Up till then Nell had believed, as all the servants did, that her mistress's lengthy stay in her room was because she'd been hurt falling from her horse. Rose, one of the other maids, had said it was a 'queer do', as the previous time Lady Harvey had had a fall from her horse she was hobbling around with a walking stick within two days.
But Nell saw nothing suspicious in this extended period of bed rest. She had noted in her four years of service that ladies of quality tended to suffer from curious ailments which didn't strike common folk.
It was her view that the mistress's problem was melancholia: a combination of the long, bitter winter and her husband's extended absence. Whenever Nell was sent upstairs with a tray, Lady Harvey was either still in bed or sitting by the window with her feet up, covered in a quilt. She looked as beautiful as ever, her golden hair loose on her shoulders, but she was subdued and very pale. Nell often felt Bridie ought to be firmer with her and make her take a short walk outside every day.

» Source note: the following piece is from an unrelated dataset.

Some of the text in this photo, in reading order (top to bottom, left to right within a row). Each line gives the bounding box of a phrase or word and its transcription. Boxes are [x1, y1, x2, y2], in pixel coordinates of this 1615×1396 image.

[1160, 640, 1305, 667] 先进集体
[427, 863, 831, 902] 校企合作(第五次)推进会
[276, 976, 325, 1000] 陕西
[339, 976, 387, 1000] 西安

Just before Baines left in the carriage bound for London with the rest of the household, he had given Nell her orders. She was to cook, fetch and carry until Lady Harvey felt able to travel to London with Bridie. Then she was to stay on here alone to look after the house, and the gardener and groom would take care of everything outside.
Nell wasn't disappointed at not going to London too. Bridie said that there was always far more work there because it was a much larger house and the Harveys entertained a great deal. She also said the London staff looked down on country yokels, and it was like working in a madhouse.

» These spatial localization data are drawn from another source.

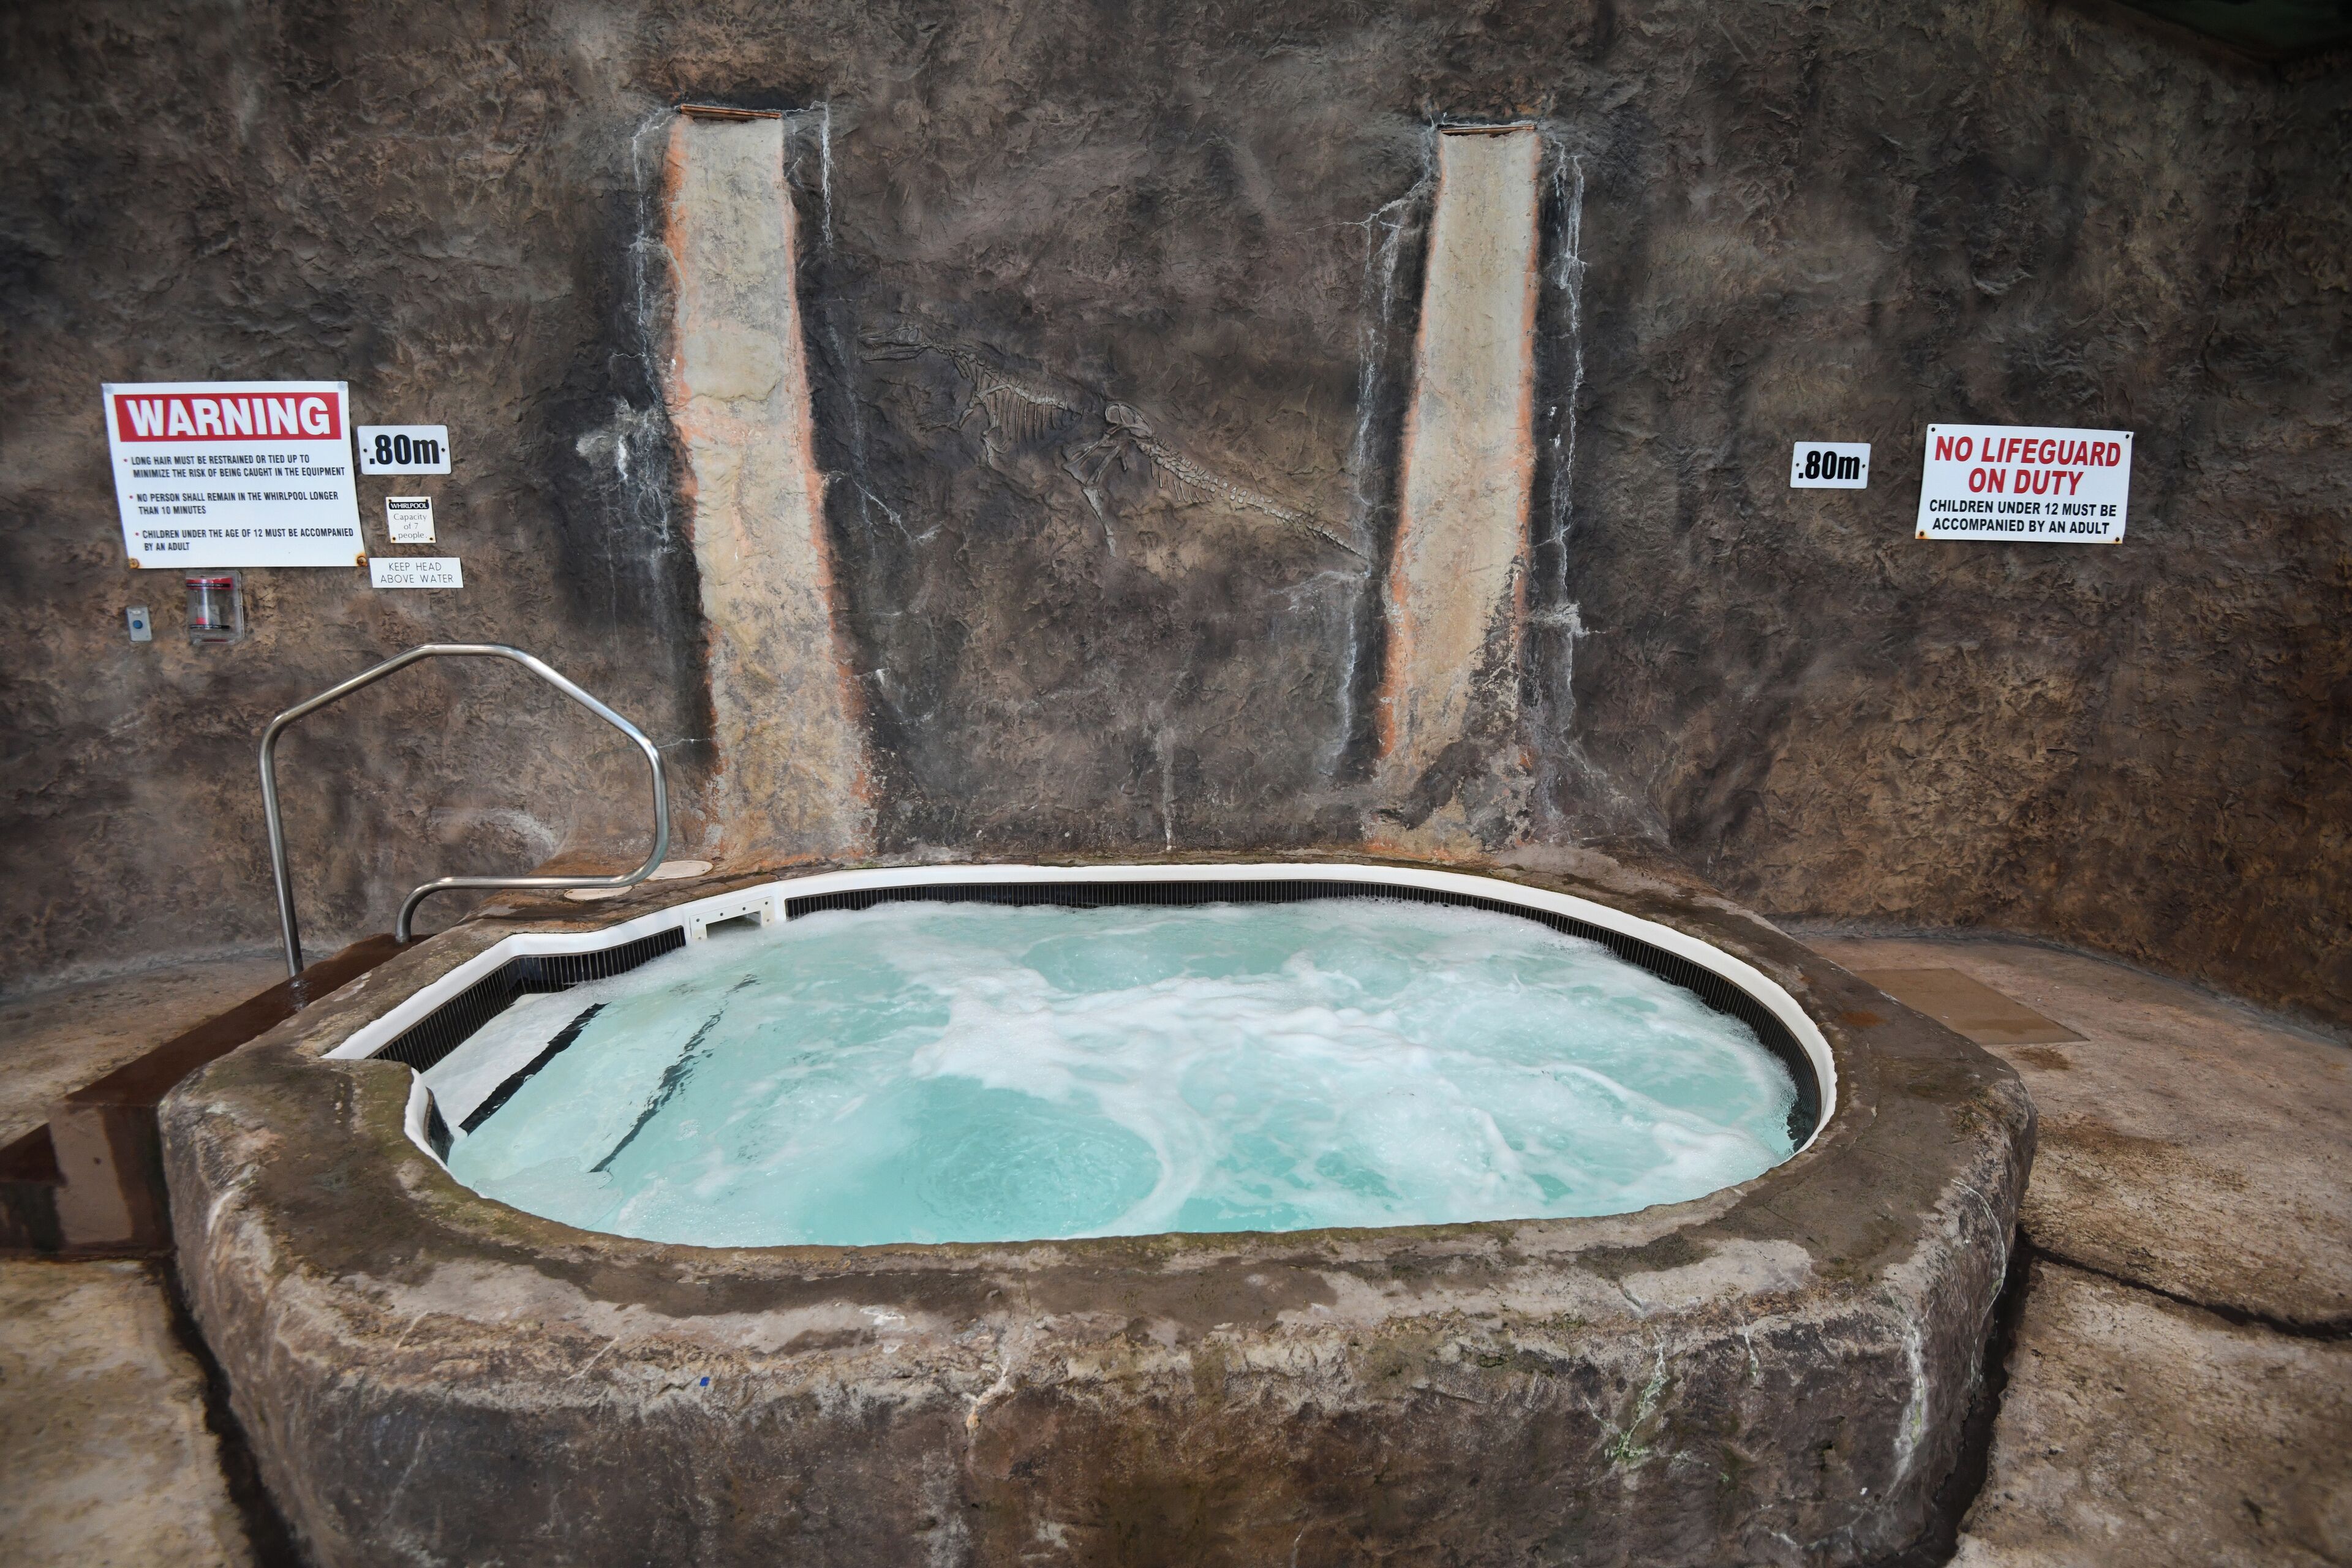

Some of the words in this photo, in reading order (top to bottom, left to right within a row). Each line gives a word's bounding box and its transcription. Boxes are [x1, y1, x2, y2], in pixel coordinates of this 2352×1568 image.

[126, 398, 331, 437] WARNING
[369, 434, 440, 465] .80m
[1935, 435, 1973, 462] NO
[1981, 437, 2121, 467] LIFEGUARD
[131, 456, 151, 466] LONG
[153, 456, 172, 465] HAIR
[174, 456, 194, 465] MUST
[197, 456, 207, 464] BE
[209, 455, 254, 464] RESTRAINED
[255, 454, 266, 464] OR
[268, 454, 285, 464] TIED
[287, 454, 297, 464] UP
[300, 454, 309, 464] TO
[1798, 450, 1860, 480] .80m
[133, 469, 170, 478] MINIMIZE
[172, 469, 187, 478] THE
[189, 469, 206, 477] RISK
[208, 468, 217, 477] OF
[219, 468, 241, 477] BEING
[243, 467, 273, 477] CAUGHT
[274, 467, 283, 476] IN
[284, 467, 300, 476] THE
[301, 467, 345, 477] EQUIPMENT
[1969, 467, 2007, 493] ON
[2013, 469, 2084, 496] DUTY
[137, 493, 148, 502] NO
[150, 493, 180, 502] PERSON
[182, 493, 205, 502] SHALL
[207, 492, 236, 501] REMAIN
[238, 492, 246, 501] IN
[247, 492, 262, 501] THE
[263, 491, 308, 500] WHIRLPOOL
[309, 491, 339, 500] LONGER
[138, 506, 159, 514] THAN
[161, 506, 170, 514] 10
[173, 505, 206, 514] MINUTES
[1929, 499, 1994, 513] CHILDREN
[1997, 501, 2041, 514] UNDER
[2045, 502, 2059, 515] 12
[2062, 503, 2097, 517] MUST
[2100, 504, 2117, 517] BE
[394, 513, 427, 522] Capacity
[1932, 518, 2024, 532] ACCOMPANIED
[2029, 520, 2045, 532] BY
[2048, 521, 2066, 533] AN
[2069, 521, 2110, 535] ADULT
[143, 530, 179, 539] CHILDREN
[182, 529, 206, 538] UNDER
[208, 529, 223, 538] THE
[225, 529, 239, 538] AGE
[241, 529, 251, 538] OF
[254, 529, 263, 537] 12
[265, 528, 285, 537] MUST
[288, 528, 298, 537] BE
[300, 528, 353, 537] ACCOMPANIED
[398, 532, 428, 540] people.
[144, 543, 153, 551] BY
[168, 542, 190, 551] ADULT
[389, 562, 410, 571] KEEP
[415, 562, 442, 571] HEAD
[380, 575, 415, 583] ABOVE
[420, 575, 454, 583] WATER

In fact Nell viewed staying at Briargate as a holiday, for she'd have virtually nothing to do. She would be able to slip home every afternoon to see her mother and younger brothers and sisters, and to wander around the grounds as much as she liked.
When Bridie told her yesterday what really ailed the mistress it was a huge shock. 'She slipped up,' was how Bridie put it, as if she imagined Nell didn't know how babies were made.
Nell had been promised a sovereign just as long as she never breathed a word of what she would see and hear in the next few hours. Bridie bluntly stated that it was her hope the baby wouldn't survive.
Yesterday that hope didn't seem so terrible. Bridie was only being practical, just as the groom was when he drowned kittens born in the barn. Everyone knew that ladies got a wetnurse in for their babies anyway, and had very little time for their offspring until they were almost fully grown.
But once Lady Harvey went into hard labour, she wasn't any different to any other woman Nell knew. She sweated, she cried, she even shouted crude oaths like the slatternly barmaid down at the inn. All the fine linen and lace, silver hairbrushes and jewellery didn't stop her having to push that baby out just like a tinker woman in the fields. And just as the commonest beggarwoman would still grieve for a dead baby, Nell knew Lady Harvey would too.
She looked down at the wrapped parcel in her arms and tears welled up in her eyes. Her folks had nothing, ten children brought up in a tiny cottage with a leaking roof, yet each new baby had been greeted with joy. This one had never been kissed, and it wouldn't even be given a name or get a proper funeral.
The burden of being witness to the birth was a heavy one too. Nell didn't know how she was going to be able to talk to Lady Harvey normally after this, or if she could ever forget. She and Bridie might even be cursed for their part in it!